_Information supplied_.

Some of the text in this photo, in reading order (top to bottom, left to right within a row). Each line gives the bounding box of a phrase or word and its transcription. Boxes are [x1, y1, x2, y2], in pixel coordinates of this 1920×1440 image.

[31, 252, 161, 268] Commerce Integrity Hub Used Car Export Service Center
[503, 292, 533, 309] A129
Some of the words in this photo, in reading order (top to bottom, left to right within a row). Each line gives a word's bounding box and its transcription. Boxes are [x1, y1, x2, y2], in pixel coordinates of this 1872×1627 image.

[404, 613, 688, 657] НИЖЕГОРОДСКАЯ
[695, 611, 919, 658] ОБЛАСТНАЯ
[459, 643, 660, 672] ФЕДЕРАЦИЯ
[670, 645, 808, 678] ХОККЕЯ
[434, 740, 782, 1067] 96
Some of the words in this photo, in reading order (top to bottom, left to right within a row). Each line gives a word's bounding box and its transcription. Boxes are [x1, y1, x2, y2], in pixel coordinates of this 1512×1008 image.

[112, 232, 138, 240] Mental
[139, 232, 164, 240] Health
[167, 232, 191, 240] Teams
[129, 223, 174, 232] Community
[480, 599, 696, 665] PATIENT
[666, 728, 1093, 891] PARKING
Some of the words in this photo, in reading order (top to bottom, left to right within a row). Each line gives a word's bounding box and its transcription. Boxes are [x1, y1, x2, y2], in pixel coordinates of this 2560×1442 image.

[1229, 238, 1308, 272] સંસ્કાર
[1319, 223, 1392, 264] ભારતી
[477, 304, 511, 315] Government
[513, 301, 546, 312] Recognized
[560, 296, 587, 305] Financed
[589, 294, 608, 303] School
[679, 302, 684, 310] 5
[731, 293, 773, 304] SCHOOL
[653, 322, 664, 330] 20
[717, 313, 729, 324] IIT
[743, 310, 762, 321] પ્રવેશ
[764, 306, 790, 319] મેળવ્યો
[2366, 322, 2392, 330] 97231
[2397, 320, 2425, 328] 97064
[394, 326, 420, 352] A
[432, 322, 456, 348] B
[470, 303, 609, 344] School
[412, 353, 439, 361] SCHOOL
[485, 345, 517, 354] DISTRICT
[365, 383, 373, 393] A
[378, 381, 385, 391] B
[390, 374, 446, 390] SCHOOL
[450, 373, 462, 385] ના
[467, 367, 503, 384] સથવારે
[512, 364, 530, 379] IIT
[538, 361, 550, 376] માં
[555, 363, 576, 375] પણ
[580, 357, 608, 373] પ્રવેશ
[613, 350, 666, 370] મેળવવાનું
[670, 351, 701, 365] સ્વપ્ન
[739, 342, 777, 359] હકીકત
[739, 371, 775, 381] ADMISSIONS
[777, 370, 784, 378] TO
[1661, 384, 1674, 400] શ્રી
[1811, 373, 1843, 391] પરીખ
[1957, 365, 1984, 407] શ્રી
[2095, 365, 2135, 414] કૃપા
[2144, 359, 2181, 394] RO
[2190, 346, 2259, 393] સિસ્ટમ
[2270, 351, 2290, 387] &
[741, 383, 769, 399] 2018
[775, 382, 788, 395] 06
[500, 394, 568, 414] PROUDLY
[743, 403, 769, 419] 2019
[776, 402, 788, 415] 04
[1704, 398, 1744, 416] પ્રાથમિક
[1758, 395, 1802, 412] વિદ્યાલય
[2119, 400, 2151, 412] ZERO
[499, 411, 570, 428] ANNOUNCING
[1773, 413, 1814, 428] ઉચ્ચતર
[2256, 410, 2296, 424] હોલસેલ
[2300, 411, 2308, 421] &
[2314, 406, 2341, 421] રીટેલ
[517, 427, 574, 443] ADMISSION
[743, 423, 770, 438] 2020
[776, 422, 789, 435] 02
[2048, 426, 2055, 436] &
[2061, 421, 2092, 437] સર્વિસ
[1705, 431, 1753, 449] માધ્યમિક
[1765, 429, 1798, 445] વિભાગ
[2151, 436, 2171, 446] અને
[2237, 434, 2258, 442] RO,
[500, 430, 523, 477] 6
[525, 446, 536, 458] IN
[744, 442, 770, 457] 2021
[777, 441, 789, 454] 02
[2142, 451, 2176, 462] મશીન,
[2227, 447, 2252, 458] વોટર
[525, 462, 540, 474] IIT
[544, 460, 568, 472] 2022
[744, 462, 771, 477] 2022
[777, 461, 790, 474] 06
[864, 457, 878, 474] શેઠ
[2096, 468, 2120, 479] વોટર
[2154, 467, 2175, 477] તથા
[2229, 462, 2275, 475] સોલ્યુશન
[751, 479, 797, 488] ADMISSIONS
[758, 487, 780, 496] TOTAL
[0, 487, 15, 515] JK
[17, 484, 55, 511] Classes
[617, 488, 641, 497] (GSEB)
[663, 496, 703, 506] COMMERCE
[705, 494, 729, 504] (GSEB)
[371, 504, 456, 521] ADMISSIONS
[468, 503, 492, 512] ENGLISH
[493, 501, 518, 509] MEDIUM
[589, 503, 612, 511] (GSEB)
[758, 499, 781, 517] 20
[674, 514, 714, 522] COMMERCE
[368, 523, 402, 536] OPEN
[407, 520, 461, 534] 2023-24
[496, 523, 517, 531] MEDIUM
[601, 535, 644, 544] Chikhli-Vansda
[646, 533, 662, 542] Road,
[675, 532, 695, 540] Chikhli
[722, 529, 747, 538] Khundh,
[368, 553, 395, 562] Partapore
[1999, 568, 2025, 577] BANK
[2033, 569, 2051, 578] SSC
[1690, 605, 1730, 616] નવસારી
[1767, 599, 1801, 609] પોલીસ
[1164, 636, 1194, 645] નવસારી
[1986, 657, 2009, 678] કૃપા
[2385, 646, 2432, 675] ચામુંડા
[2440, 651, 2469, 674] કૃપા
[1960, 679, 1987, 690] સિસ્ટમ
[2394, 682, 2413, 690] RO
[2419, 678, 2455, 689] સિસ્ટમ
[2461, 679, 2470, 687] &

_Exercise directions_. Please output the complete data exactly.

_Result_.
Some of the text in this photo, in reading order (top to bottom, left to right within a row). Each line gives the bounding box of a phrase or word and its transcription. Boxes are [x1, y1, x2, y2], in pixel coordinates of this 1920×1440 image.

[31, 252, 161, 268] Commerce Integrity Hub Used Car Export Service Center
[503, 292, 533, 309] A129
Some of the words in this photo, in reading order (top to bottom, left to right within a row). Each line gives a word's bounding box and its transcription. Boxes are [x1, y1, x2, y2], in pixel coordinates of this 1872×1627 image.

[404, 613, 688, 657] НИЖЕГОРОДСКАЯ
[695, 611, 919, 658] ОБЛАСТНАЯ
[459, 643, 660, 672] ФЕДЕРАЦИЯ
[670, 645, 808, 678] ХОККЕЯ
[434, 740, 782, 1067] 96
Some of the words in this photo, in reading order (top to bottom, left to right within a row). Each line gives a word's bounding box and its transcription. Boxes are [x1, y1, x2, y2], in pixel coordinates of this 1512×1008 image.

[112, 232, 138, 240] Mental
[139, 232, 164, 240] Health
[167, 232, 191, 240] Teams
[129, 223, 174, 232] Community
[480, 599, 696, 665] PATIENT
[666, 728, 1093, 891] PARKING
Some of the words in this photo, in reading order (top to bottom, left to right within a row). Each line gives a word's bounding box and its transcription. Boxes are [x1, y1, x2, y2], in pixel coordinates of this 2560×1442 image.

[1229, 238, 1308, 272] સંસ્કાર
[1319, 223, 1392, 264] ભારતી
[477, 304, 511, 315] Government
[513, 301, 546, 312] Recognized
[560, 296, 587, 305] Financed
[589, 294, 608, 303] School
[679, 302, 684, 310] 5
[731, 293, 773, 304] SCHOOL
[653, 322, 664, 330] 20
[717, 313, 729, 324] IIT
[743, 310, 762, 321] પ્રવેશ
[764, 306, 790, 319] મેળવ્યો
[2366, 322, 2392, 330] 97231
[2397, 320, 2425, 328] 97064
[394, 326, 420, 352] A
[432, 322, 456, 348] B
[470, 303, 609, 344] School
[412, 353, 439, 361] SCHOOL
[485, 345, 517, 354] DISTRICT
[365, 383, 373, 393] A
[378, 381, 385, 391] B
[390, 374, 446, 390] SCHOOL
[450, 373, 462, 385] ના
[467, 367, 503, 384] સથવારે
[512, 364, 530, 379] IIT
[538, 361, 550, 376] માં
[555, 363, 576, 375] પણ
[580, 357, 608, 373] પ્રવેશ
[613, 350, 666, 370] મેળવવાનું
[670, 351, 701, 365] સ્વપ્ન
[739, 342, 777, 359] હકીકત
[739, 371, 775, 381] ADMISSIONS
[777, 370, 784, 378] TO
[1661, 384, 1674, 400] શ્રી
[1811, 373, 1843, 391] પરીખ
[1957, 365, 1984, 407] શ્રી
[2095, 365, 2135, 414] કૃપા
[2144, 359, 2181, 394] RO
[2190, 346, 2259, 393] સિસ્ટમ
[2270, 351, 2290, 387] &
[741, 383, 769, 399] 2018
[775, 382, 788, 395] 06
[500, 394, 568, 414] PROUDLY
[743, 403, 769, 419] 2019
[776, 402, 788, 415] 04
[1704, 398, 1744, 416] પ્રાથમિક
[1758, 395, 1802, 412] વિદ્યાલય
[2119, 400, 2151, 412] ZERO
[499, 411, 570, 428] ANNOUNCING
[1773, 413, 1814, 428] ઉચ્ચતર
[2256, 410, 2296, 424] હોલસેલ
[2300, 411, 2308, 421] &
[2314, 406, 2341, 421] રીટેલ
[517, 427, 574, 443] ADMISSION
[743, 423, 770, 438] 2020
[776, 422, 789, 435] 02
[2048, 426, 2055, 436] &
[2061, 421, 2092, 437] સર્વિસ
[1705, 431, 1753, 449] માધ્યમિક
[1765, 429, 1798, 445] વિભાગ
[2151, 436, 2171, 446] અને
[2237, 434, 2258, 442] RO,
[500, 430, 523, 477] 6
[525, 446, 536, 458] IN
[744, 442, 770, 457] 2021
[777, 441, 789, 454] 02
[2142, 451, 2176, 462] મશીન,
[2227, 447, 2252, 458] વોટર
[525, 462, 540, 474] IIT
[544, 460, 568, 472] 2022
[744, 462, 771, 477] 2022
[777, 461, 790, 474] 06
[864, 457, 878, 474] શેઠ
[2096, 468, 2120, 479] વોટર
[2154, 467, 2175, 477] તથા
[2229, 462, 2275, 475] સોલ્યુશન
[751, 479, 797, 488] ADMISSIONS
[758, 487, 780, 496] TOTAL
[0, 487, 15, 515] JK
[17, 484, 55, 511] Classes
[617, 488, 641, 497] (GSEB)
[663, 496, 703, 506] COMMERCE
[705, 494, 729, 504] (GSEB)
[371, 504, 456, 521] ADMISSIONS
[468, 503, 492, 512] ENGLISH
[493, 501, 518, 509] MEDIUM
[589, 503, 612, 511] (GSEB)
[758, 499, 781, 517] 20
[674, 514, 714, 522] COMMERCE
[368, 523, 402, 536] OPEN
[407, 520, 461, 534] 2023-24
[496, 523, 517, 531] MEDIUM
[601, 535, 644, 544] Chikhli-Vansda
[646, 533, 662, 542] Road,
[675, 532, 695, 540] Chikhli
[722, 529, 747, 538] Khundh,
[368, 553, 395, 562] Partapore
[1999, 568, 2025, 577] BANK
[2033, 569, 2051, 578] SSC
[1690, 605, 1730, 616] નવસારી
[1767, 599, 1801, 609] પોલીસ
[1164, 636, 1194, 645] નવસારી
[1986, 657, 2009, 678] કૃપા
[2385, 646, 2432, 675] ચામુંડા
[2440, 651, 2469, 674] કૃપા
[1960, 679, 1987, 690] સિસ્ટમ
[2394, 682, 2413, 690] RO
[2419, 678, 2455, 689] સિસ્ટમ
[2461, 679, 2470, 687] &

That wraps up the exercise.